Any successful initiative is based on three dimensions – people, processes and tools. ALM tools fulfill the Tools dimension well. Unfortunately, tools are only as good as the people who use the tools or the processes that they choose to implement. Of the three dimensions, tools are perhaps the least influential in make a visible impact.

If the passion of successful projects is what drives companies ALM tool vendors, then I believe these are areas that cannot go unfocussed. Tool competency has to be accompanied by services that will help make Project Managers more successful as well as processes that will make the overall “package” more effective.

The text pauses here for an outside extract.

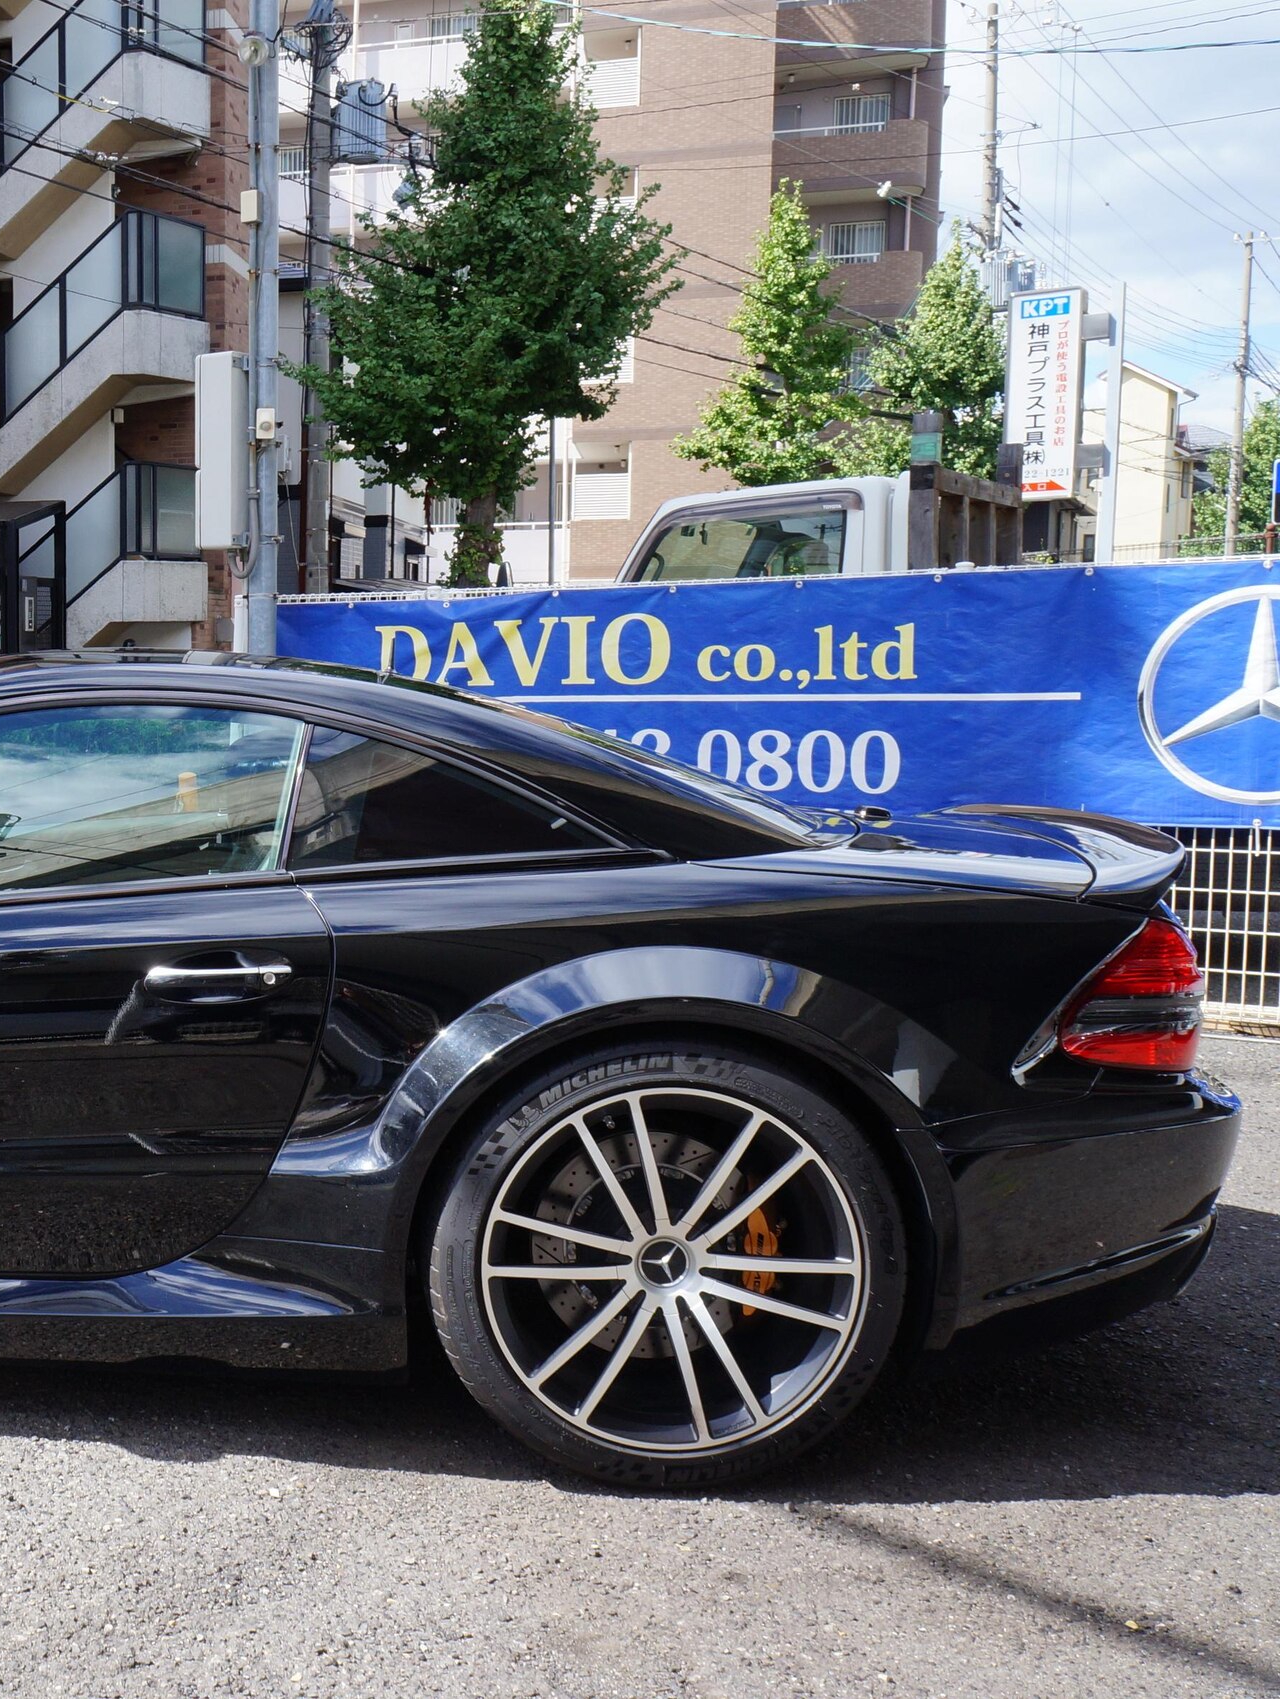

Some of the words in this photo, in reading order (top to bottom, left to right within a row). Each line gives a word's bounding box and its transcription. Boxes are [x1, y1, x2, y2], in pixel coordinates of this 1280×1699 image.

There are companies that have addressed at least two of these dimensions. They preach the methodology that they practice and provide the toolset built on that methodology. Companies like Miller-Heiman do this in the area of Sales practices. Rally, Thoughtworks do that in the area of Agile practices. Rational was perhaps the most successful company in preaching the UML way of doing things and selling the entire software that goes with it. There are examples of other companies having reasonable success focusing on at least two of these three dimensions.

These companies did completely miss out the entire Project Management space but lack of it has not been a strong negative. We will discuss that in a later topic.

There is one more challenge for generic ALM tools. A tool that tries to automate every methodology is, to a large extent, “generic”. It does not capture the essence of any methodology. It is a combination of screens, reports and metrics of every methodology. However, it’s UI and usability does not reflect the finer nuances of any specific methodology. Its training material does not capture the essence of any specific methodology. Its consultants do not speak the language of any specific methodology. It’s Sales team does not sell the spirit of any specific methodology. Last but the not the least, its users, who use the toolset, use in a combination of different ways, which is more often than not, a “confused combination” of different methodologies.

For now, most organizations in this domain have completely ignored the third dimension. This has been left to the combination of soft skill training programs and domain specific PMI training programs. One can only wonder how successful a company could have been that defines the methodology, trains Project Managers on becoming more successful with that methodology or other soft skills and provides the toolset to automate that methodology.

Of course, no business problem has one solution. However, this seems to me one of the critical missing links that prevents the “mass” adoption of ALM tools as I would expect.